In the past, refugees were, like all immigrants, expected not to become dependent on taxpayer largesse. Any support they needed came from individuals or private groups — sacrificial charity, given voluntarily, most often by religious organizations.

Government funding of refugee resettlement started in a very small way in 1948, when the federal government for the first time paid for the trans-Atlantic travel costs of a certain number of displaced persons from Europe — but private charities were still required to take things from there and to ensure the refugees didn’t become public charges. In the wake of the 1956 Hungarian Revolution, the government for the first time paid charities directly to resettle those refugees, at $40 a head.

From tiny acorns grow mighty oaks.

A recent study by several of my colleagues at the Center for Immigration Studies found that the lifetime cost (taxes paid minus services used) to taxpayers of resettling a refugee is $60,000, with those entering as adults costing twice that.
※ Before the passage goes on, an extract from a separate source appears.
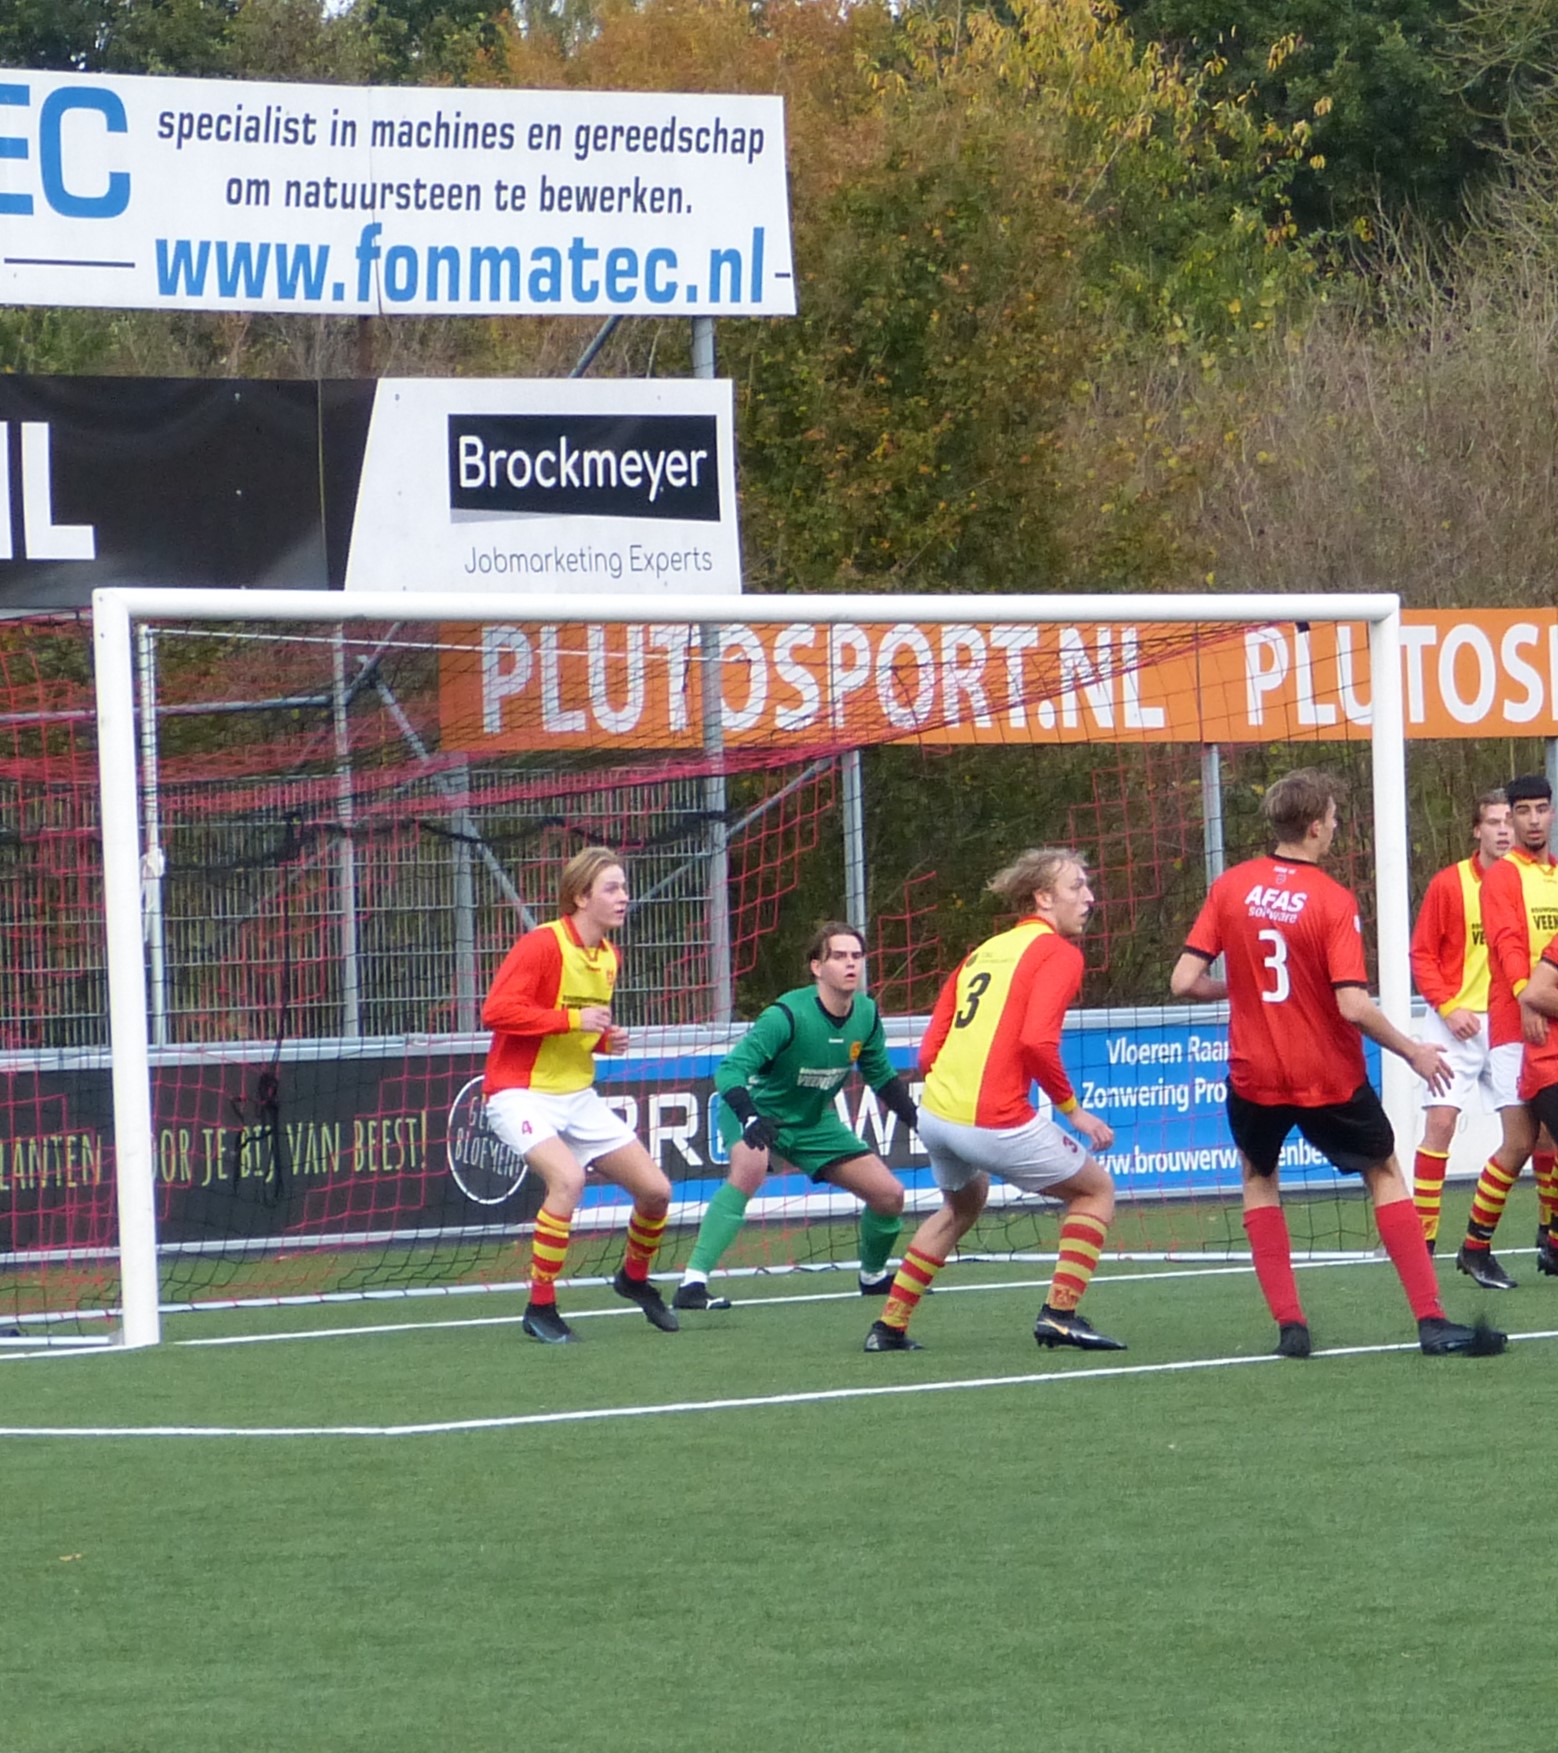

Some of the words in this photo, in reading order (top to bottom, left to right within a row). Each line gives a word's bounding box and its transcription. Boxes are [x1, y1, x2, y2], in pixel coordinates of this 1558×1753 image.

Part of this is the $2,175 per head payment by the State Department to its resettlement contractors — Lutheran Immigrant and Refugee Service, U.S. Conference of Catholic Bishops, and other ostensibly private organizations that are now primarily funded by taxpayer money. Also driving this is the fact that refugees, unlike other immigrants, have immediate access to welfare, which they make extensive and long-term use of because of their typically very low levels of education and, in many cases, a complete unfamiliarity with modern, urban society.

It’s only a slight exaggeration to say that the main responsibility of the taxpayer-funded resettlement contractors is to sign immigrants up for taxpayer-funded welfare. These religious groups have turned Christ’s admonition on its head; in the Gospel of Matthew, He says, “When thou doest thine alms, do not sound a trumpet before thee, as the hypocrites do in the synagogues and in the streets, that they may have glory of men.” Instead, today’s resettlement contractors not only sound a trumpet every chance they get, but also seek the glory of men through alms supplied not from their own resources but with other people’s money, taken by force.

This shift from voluntary private charity to mandatory taxpayer funding is part of the broader left-wing hostility to philanthropy. As Karl Zinsmeister wrote in the Wall Street Journal in January, “For people with a controlling impulse, private wielders of resources represent alternative sources of ideas and social legitimacy that must be suppressed in favor of unitary government prescriptions.” (It was co-opted rather than suppressed in the case of refugee resettlement, but the impulse and effect is the same.)

Bernie Sanders expressed this impulse baldly when he was mayor of Burlington: “I don’t believe in charities.”

A better model for refugee resettlement would be to return to private sponsorship, which is the way Canada resettles most refugees. A sensible version of this for the United States would operate under the numerical ceiling set annually by the president, with individual candidates for resettlement selected and vetted by the State Department. The sponsoring organization or individuals would then undertake genuine charity by committing to be legally responsible for five years to provide whatever support (from their own funds) the refugee may need. This would not only save taxpayer money, but also be much more likely to foster self-sufficiency and assimilation.